I’m becoming addicted to Netflix - not watching the movies, just reading the “members reviews.” Really. They’re better than Bill Maher. Just give them a really bad movie to chew on and they spit out vitriol that would make Don Rickles envious.

Here’s some examples for an awful movie called “Sweet November” from 2000, starring Keanu Reeves and Charlize Theron. I would summarize the plot but these reviews tell you all you need to know. I hope I’m not violating some law by re-printing these member reviews but it is sorta the same as getting it in a forwarded e-mail, isn’t it?

“Man, I don't know where to start. Saw this one on a plane to Chicago. And to make things worse I was sitting between two very large mammals who were knocked out possibly from some sort of tranquilizers. Anyway, in this movie Charlize Theron is a free spirited soul and she is dying. So what does she do? She spends her last days with Mr. Keanu "Whoa" Reeves. Did this movie make me cry? Yes it did, I cried because I didn't have a razor blade handy.”

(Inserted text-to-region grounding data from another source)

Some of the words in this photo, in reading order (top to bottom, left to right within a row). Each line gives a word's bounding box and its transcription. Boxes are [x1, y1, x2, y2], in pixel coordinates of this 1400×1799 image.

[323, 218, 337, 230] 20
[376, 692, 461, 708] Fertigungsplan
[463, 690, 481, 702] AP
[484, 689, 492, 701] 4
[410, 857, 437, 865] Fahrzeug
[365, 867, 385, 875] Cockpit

“Worst movie ever. Free-spirited girl brings happiness to all-business guy. Dogs & cartwheels on the beach. Gay next door neighbor. Dying of cancer. Cancer patient wears a rag on her head, even though she's not undergoing chemotherapy. Boy without a dad finds companionship. Yup, this movie has all of them.”

“How does that Keanu guy continue to get work? This is the single worst performance is the history of Hollywood. This movie is terrible. Predictable, contrived...a tear jerking formula-film directed by a hack. Everyone involved in this production should be lined up and kneed in the privates. In fact, I should be kneed somewhere in the groin region for renting it.”

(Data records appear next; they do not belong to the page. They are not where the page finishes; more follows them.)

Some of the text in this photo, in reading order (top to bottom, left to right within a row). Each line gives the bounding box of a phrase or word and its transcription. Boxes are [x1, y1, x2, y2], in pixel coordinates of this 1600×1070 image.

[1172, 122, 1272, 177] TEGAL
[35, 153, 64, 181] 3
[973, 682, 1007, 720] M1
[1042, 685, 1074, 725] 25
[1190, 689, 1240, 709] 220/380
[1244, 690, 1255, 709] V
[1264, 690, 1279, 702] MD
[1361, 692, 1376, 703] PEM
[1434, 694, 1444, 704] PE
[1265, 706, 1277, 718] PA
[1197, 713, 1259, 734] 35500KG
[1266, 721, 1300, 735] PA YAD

“Won't somebody shoot Kneau Reeves so we don't have to watch another one of his terrible acting jobs. This had to be his worst, please don't tell us it isn't.”

“The movie would have been much better had Charlize Theron's character simply killed herself at the beginning, Keanu Reeves following by suicide ten minutes later, thus reducing a 2 hour tragedy to a somewhat gratifying fifteen minute tragedy.”

“My wife and I watched what some have billed a date movie. If I took her to see this during our courtship, who knows, maybe we wouldn't [have been] married for 25 years...”

“I don't think words can describe how bad this movie is. I think Keanu Reeves may even be a worse actor than Ben Affleck. If that's possible. This movie isn't worth the disk it's burned on.”

“terrible movie - the story is completely implausible, the dialogue is completely phony, Keanu gives a typically flat, wooden performance, and there is not one genuine emotion in the whole film. Your average X-Files episode is more believable than this movie.”

“Just an awful movie, with a sickly sweet premise and an ending that's sappy enough to make any decent person sick to their stomachs. If anybody in your life behaved this way, you'd kick them -- November or not.”

“Saw this on TV- was advertised as the Kleenex tearjerker movie of the week. And I DID need the hankies- I busted a gut laughing at this stupid movie! Just when you think Keanu can't act any worse than he has in ALL of his other movies, he does! It's a gift or something I guess. And just think- he makes a bazillion dollars doing it too!”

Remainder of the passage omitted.